● TASK GOAL
Return the full listing unchanged, apart from leaving out its images.

● INPUT MATERIAL

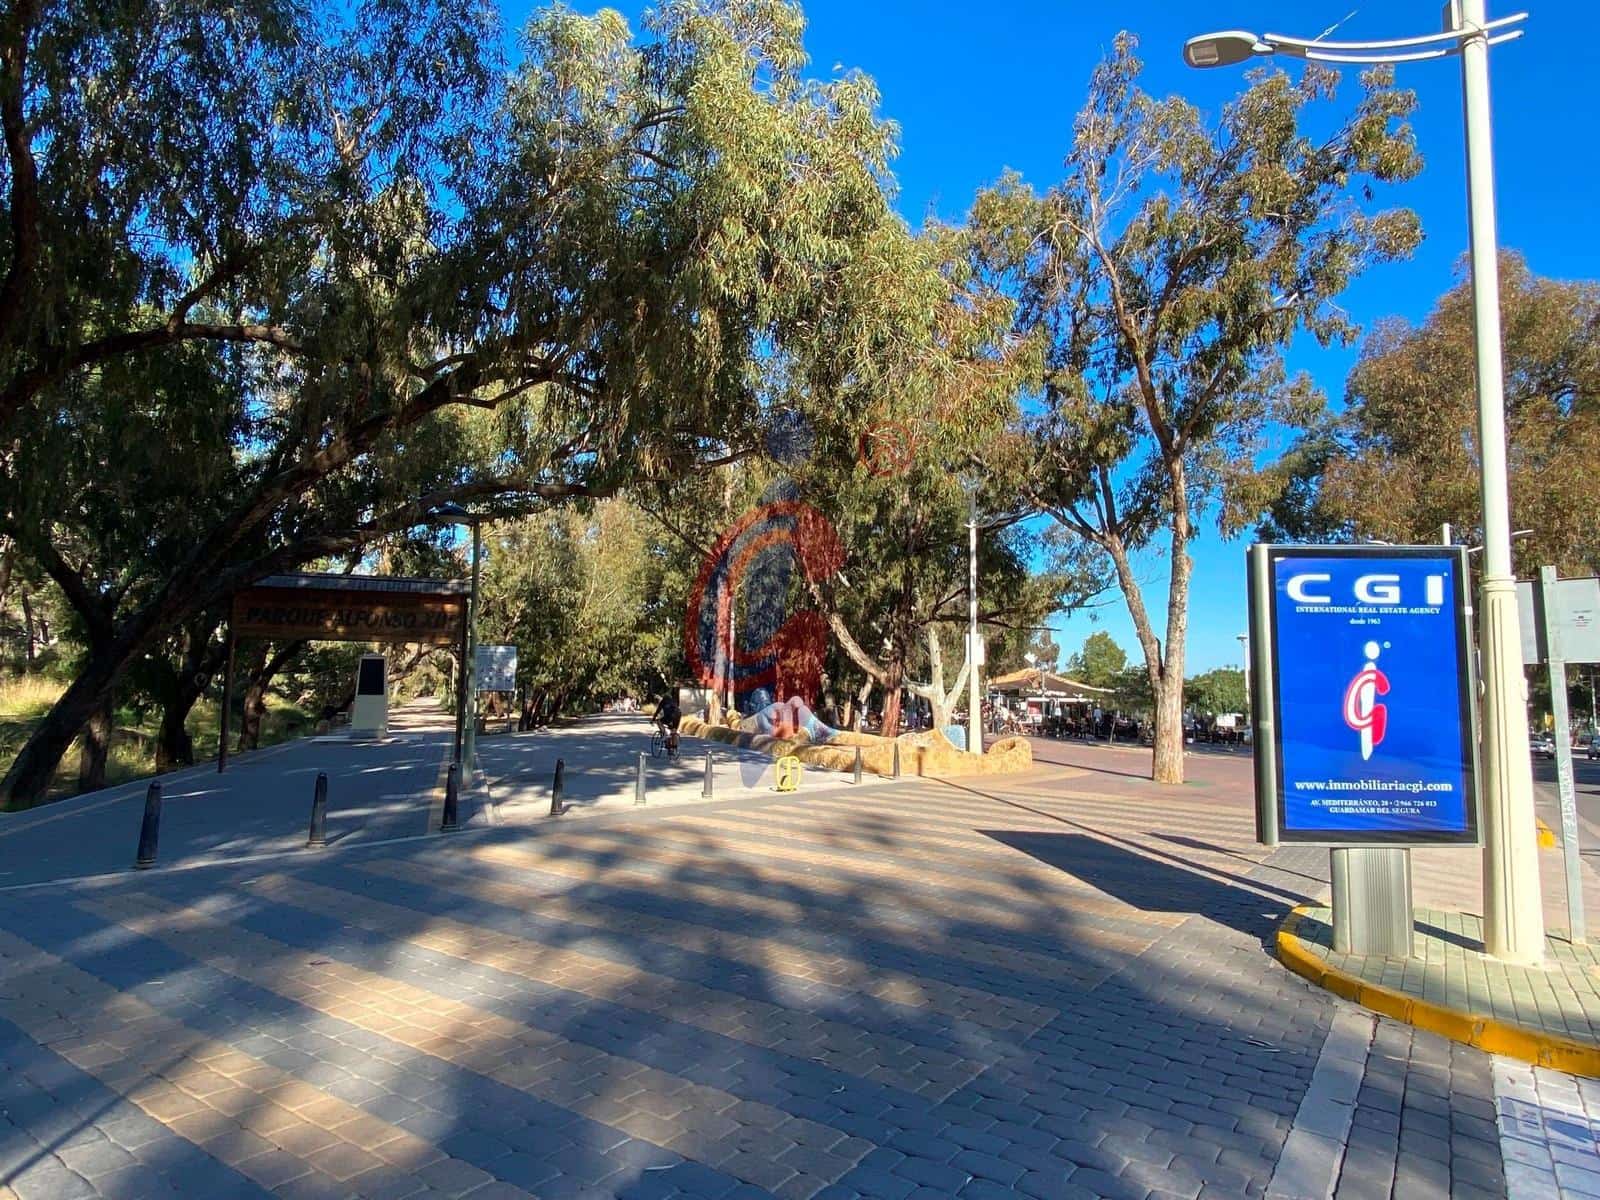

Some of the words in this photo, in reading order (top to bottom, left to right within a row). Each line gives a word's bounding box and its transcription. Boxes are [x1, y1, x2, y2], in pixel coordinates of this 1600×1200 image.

[247, 606, 327, 626] PARQUE
[333, 607, 416, 628] ALFONSO
[1295, 779, 1453, 793] www.inmobiliariacgi.com
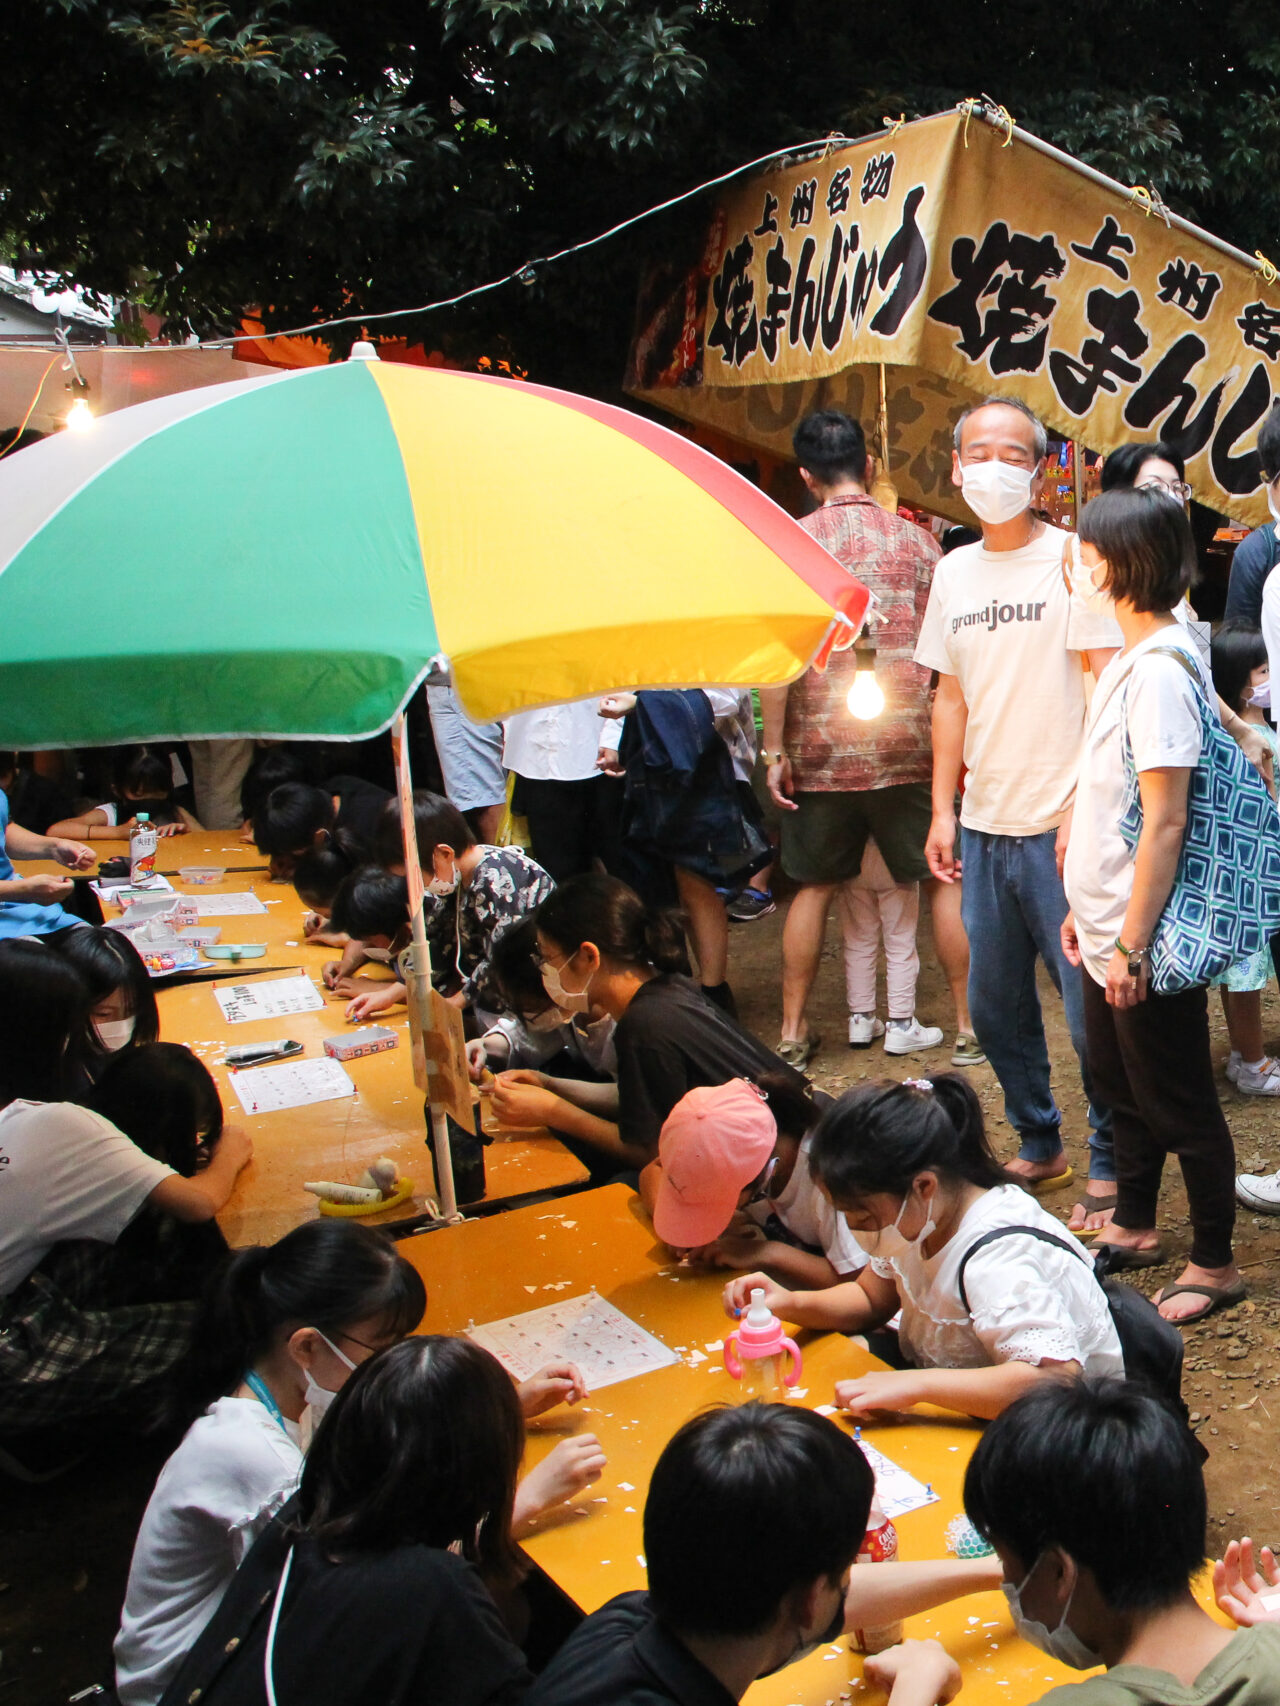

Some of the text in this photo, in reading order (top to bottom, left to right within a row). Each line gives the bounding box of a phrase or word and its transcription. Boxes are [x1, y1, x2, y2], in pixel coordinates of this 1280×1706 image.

[753, 152, 896, 236] 上州名物
[706, 184, 928, 370] 焼まんじゅう
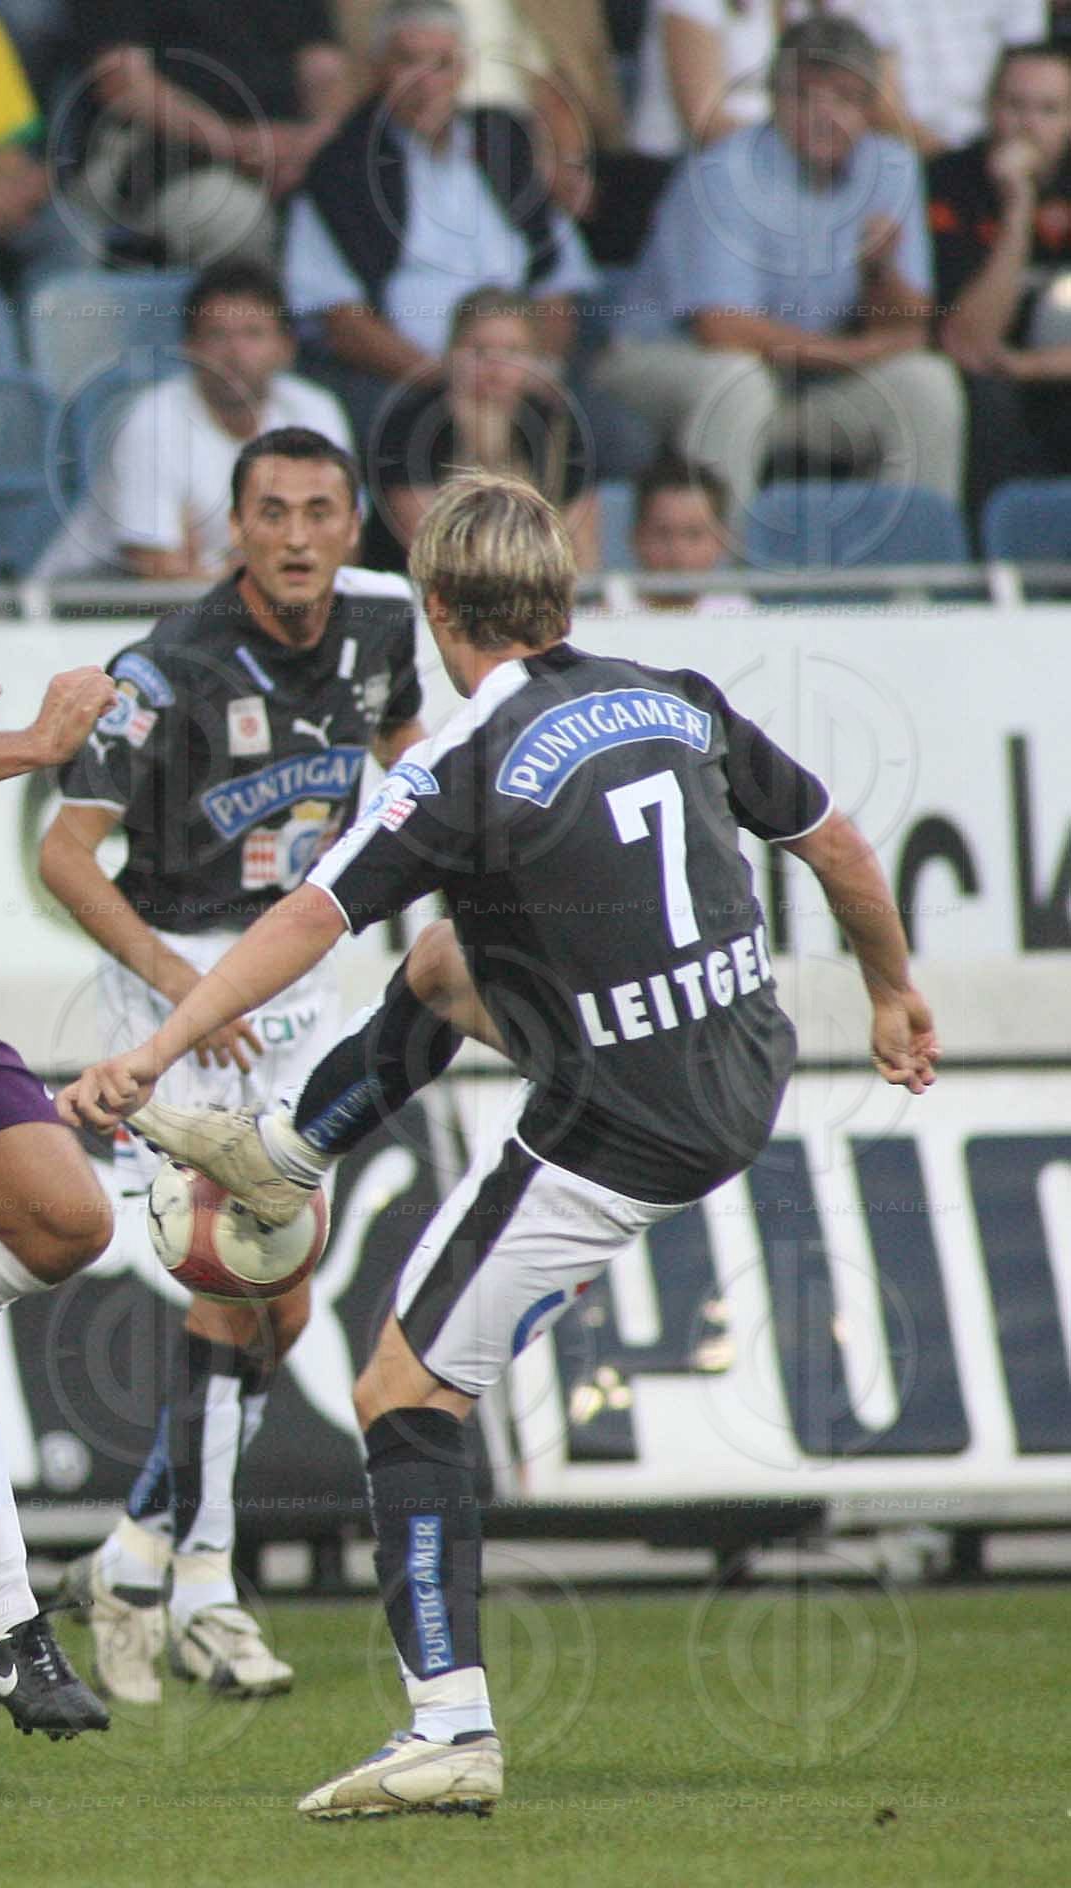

● ANSWER BOX
Some of the words in this photo, in reading order (top to bottom, left to right within a row). Each line gives a word's bounding box and its transcription. Boxes are [x1, y1, x2, y2], in pixel coordinates of this 1600×1200 image.

[247, 606, 327, 626] PARQUE
[333, 607, 416, 628] ALFONSO
[1295, 779, 1453, 793] www.inmobiliariacgi.com

Some of the text in this photo, in reading order (top to bottom, left to right within a row). Each line gives the bounding box of a phrase or word and its transcription. Boxes are [x1, y1, x2, y2], in pixel coordinates of this 1280×1706 image.

[753, 152, 896, 236] 上州名物
[706, 184, 928, 370] 焼まんじゅう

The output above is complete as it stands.